*Task requirements*
Your output is to consist only of the line containing "this 1200×1600 image." and the lines after it, through the end of the data, reproduced exactly.

*Provided records*
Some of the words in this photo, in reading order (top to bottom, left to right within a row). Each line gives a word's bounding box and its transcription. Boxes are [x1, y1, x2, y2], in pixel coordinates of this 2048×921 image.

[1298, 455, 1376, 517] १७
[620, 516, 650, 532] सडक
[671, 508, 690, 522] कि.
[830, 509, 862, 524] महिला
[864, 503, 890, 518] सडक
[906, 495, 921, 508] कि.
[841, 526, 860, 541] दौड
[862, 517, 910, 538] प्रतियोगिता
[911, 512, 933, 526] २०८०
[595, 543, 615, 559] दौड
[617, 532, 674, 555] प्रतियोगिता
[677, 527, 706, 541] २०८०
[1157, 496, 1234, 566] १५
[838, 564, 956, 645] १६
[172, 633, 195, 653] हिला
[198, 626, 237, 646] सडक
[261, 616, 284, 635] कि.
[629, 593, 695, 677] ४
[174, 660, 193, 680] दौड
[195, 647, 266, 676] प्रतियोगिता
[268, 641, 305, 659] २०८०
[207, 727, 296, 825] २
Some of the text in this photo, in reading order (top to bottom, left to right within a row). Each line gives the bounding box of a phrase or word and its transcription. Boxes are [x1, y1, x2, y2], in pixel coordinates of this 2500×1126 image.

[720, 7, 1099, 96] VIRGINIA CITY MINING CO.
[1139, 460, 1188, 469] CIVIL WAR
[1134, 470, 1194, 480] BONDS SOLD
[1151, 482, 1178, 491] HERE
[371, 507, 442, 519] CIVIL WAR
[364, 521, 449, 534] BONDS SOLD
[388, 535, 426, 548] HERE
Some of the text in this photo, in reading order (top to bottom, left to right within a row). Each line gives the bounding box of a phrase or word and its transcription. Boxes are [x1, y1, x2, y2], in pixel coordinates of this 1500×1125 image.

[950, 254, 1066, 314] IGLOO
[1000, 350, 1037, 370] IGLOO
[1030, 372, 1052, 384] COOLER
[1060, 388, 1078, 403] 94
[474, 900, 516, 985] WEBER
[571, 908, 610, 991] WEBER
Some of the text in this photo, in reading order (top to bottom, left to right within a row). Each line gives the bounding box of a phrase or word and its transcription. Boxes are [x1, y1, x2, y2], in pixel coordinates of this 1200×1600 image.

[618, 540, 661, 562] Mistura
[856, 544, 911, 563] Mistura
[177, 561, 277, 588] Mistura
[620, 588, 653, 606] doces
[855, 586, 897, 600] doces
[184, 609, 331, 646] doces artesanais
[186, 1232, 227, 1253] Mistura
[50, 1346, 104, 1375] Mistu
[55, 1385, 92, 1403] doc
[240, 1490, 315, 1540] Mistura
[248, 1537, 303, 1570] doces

*Task response*
Some of the text in this photo, in reading order (top to bottom, left to right within a row). Each line gives the bounding box of a phrase or word and its transcription. Boxes are [x1, y1, x2, y2], in pixel coordinates of this 1200×1600 image.

[618, 540, 661, 562] Mistura
[856, 544, 911, 563] Mistura
[177, 561, 277, 588] Mistura
[620, 588, 653, 606] doces
[855, 586, 897, 600] doces
[184, 609, 331, 646] doces artesanais
[186, 1232, 227, 1253] Mistura
[50, 1346, 104, 1375] Mistu
[55, 1385, 92, 1403] doc
[240, 1490, 315, 1540] Mistura
[248, 1537, 303, 1570] doces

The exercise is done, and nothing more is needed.